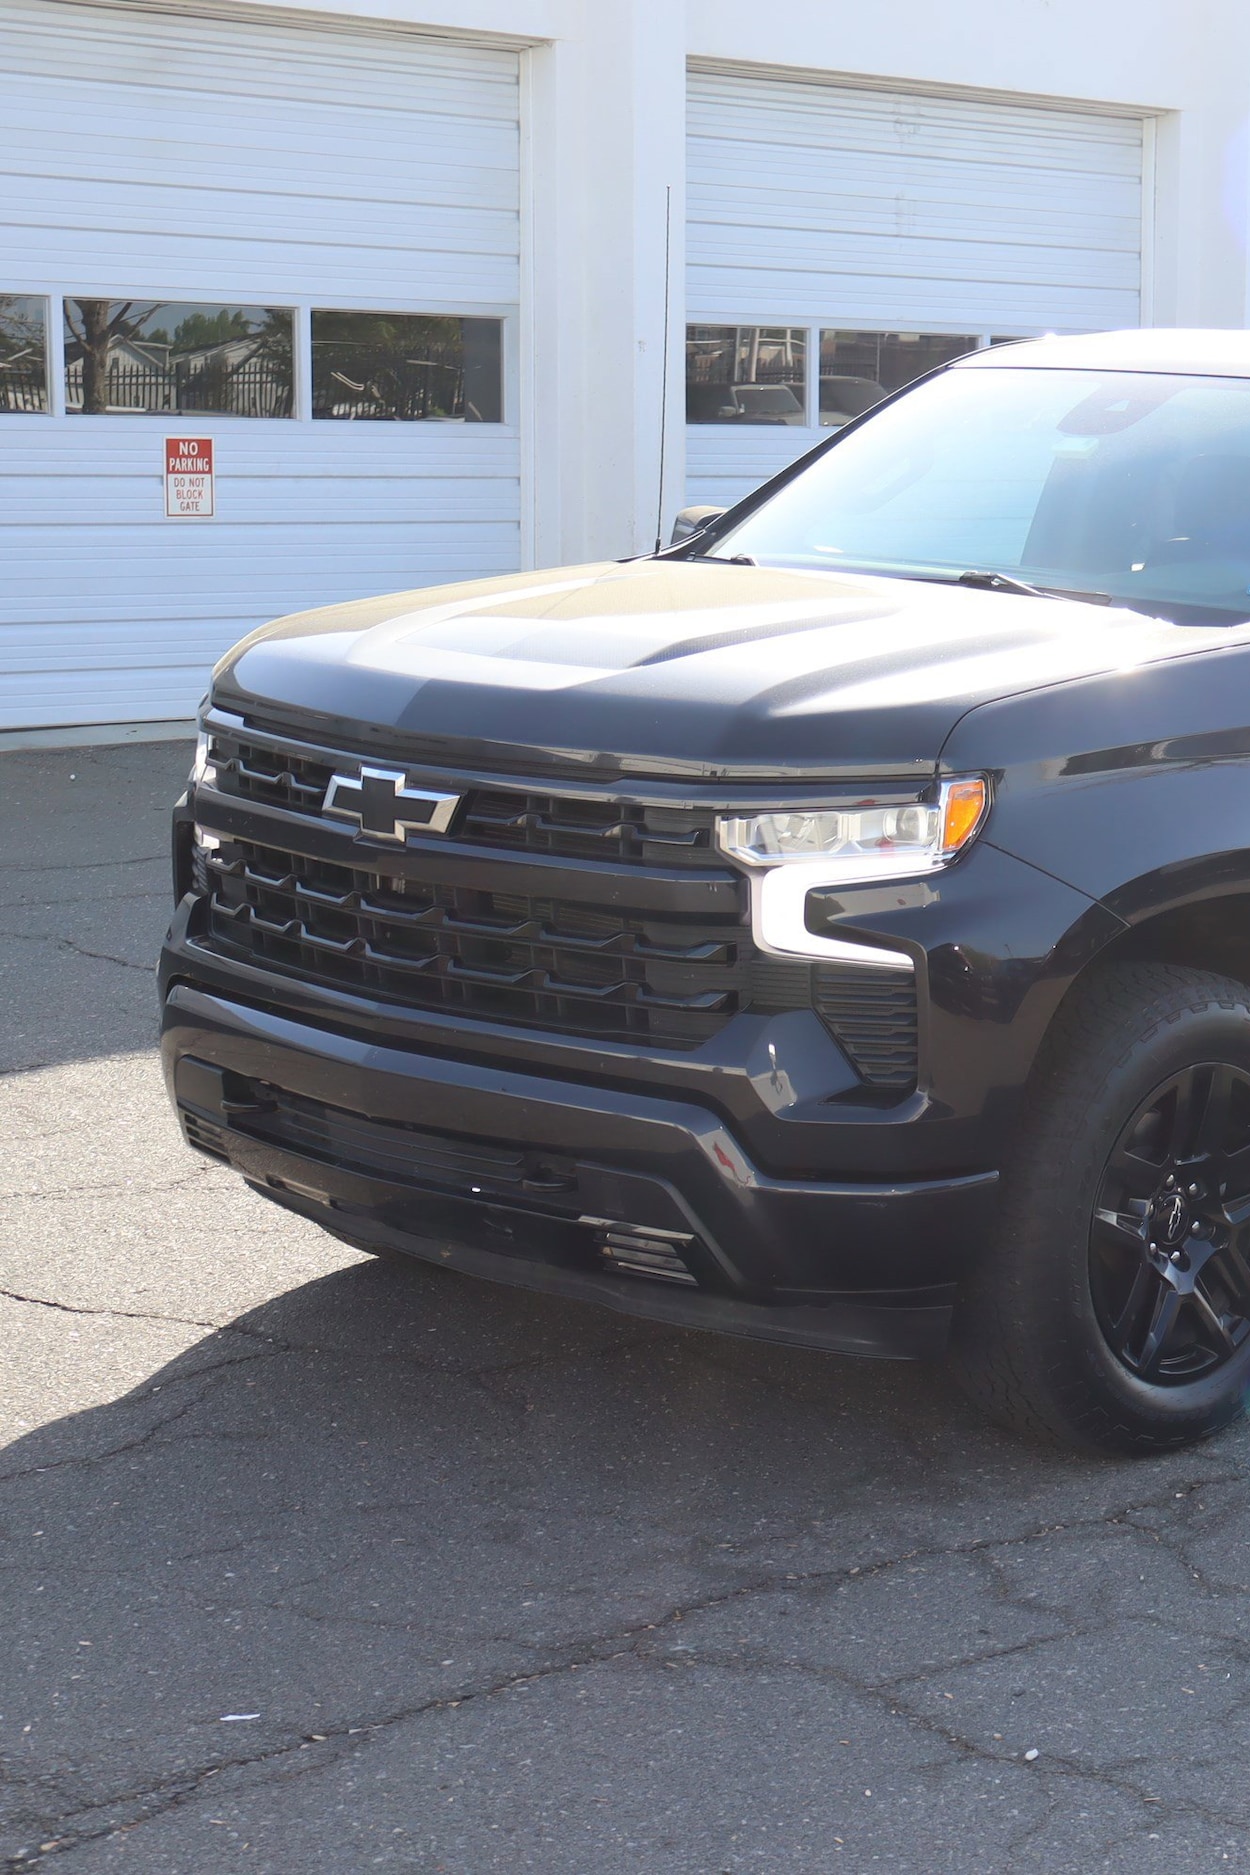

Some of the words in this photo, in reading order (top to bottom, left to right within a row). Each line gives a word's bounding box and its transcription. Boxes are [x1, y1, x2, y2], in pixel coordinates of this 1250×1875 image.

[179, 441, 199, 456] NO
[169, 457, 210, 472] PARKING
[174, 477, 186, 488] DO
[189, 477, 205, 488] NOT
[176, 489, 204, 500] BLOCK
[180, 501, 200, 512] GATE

TASK DETAILS:
Nothing but an exact copy of the data above, minus its pictures, should appear in the response.

WORKED SOLUTION:
Some of the words in this photo, in reading order (top to bottom, left to right within a row). Each line gives a word's bounding box and its transcription. Boxes are [x1, y1, x2, y2], in pixel coordinates of this 1250×1875 image.

[179, 441, 199, 456] NO
[169, 457, 210, 472] PARKING
[174, 477, 186, 488] DO
[189, 477, 205, 488] NOT
[176, 489, 204, 500] BLOCK
[180, 501, 200, 512] GATE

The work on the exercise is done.